◆ WORK REQUEST ◆
Leave out the pictures and copy every record exactly.

RECORDS Block Start

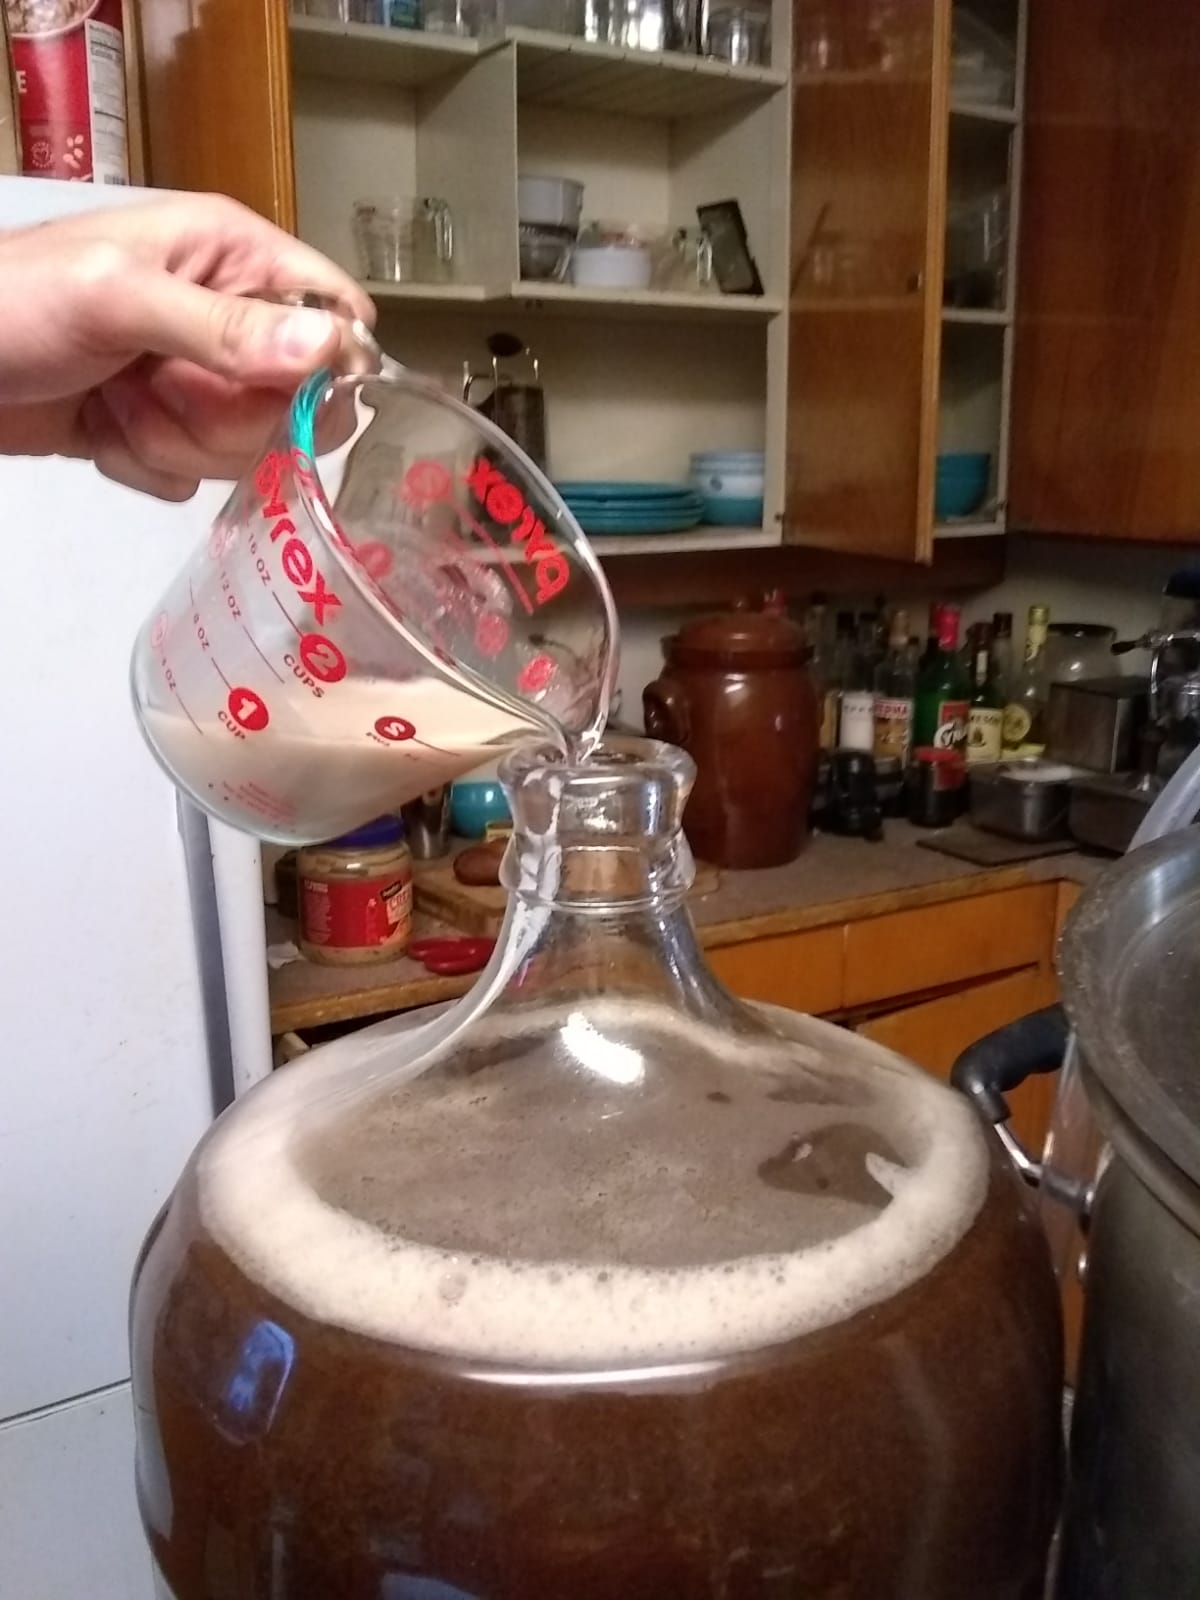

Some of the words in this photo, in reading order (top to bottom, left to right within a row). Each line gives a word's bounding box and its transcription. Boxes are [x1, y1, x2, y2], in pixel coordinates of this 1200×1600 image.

[256, 558, 271, 587] OZ
[228, 595, 242, 622] OZ
[197, 627, 210, 652] OZ
[165, 668, 177, 692] OZ
[283, 653, 325, 699] CUPS
[217, 709, 246, 740] CUP

RECORDS Block End

◆ EXERCISE SOLUTION ◆
Some of the words in this photo, in reading order (top to bottom, left to right within a row). Each line gives a word's bounding box and its transcription. Boxes are [x1, y1, x2, y2], in pixel coordinates of this 1200×1600 image.

[256, 558, 271, 587] OZ
[228, 595, 242, 622] OZ
[197, 627, 210, 652] OZ
[165, 668, 177, 692] OZ
[283, 653, 325, 699] CUPS
[217, 709, 246, 740] CUP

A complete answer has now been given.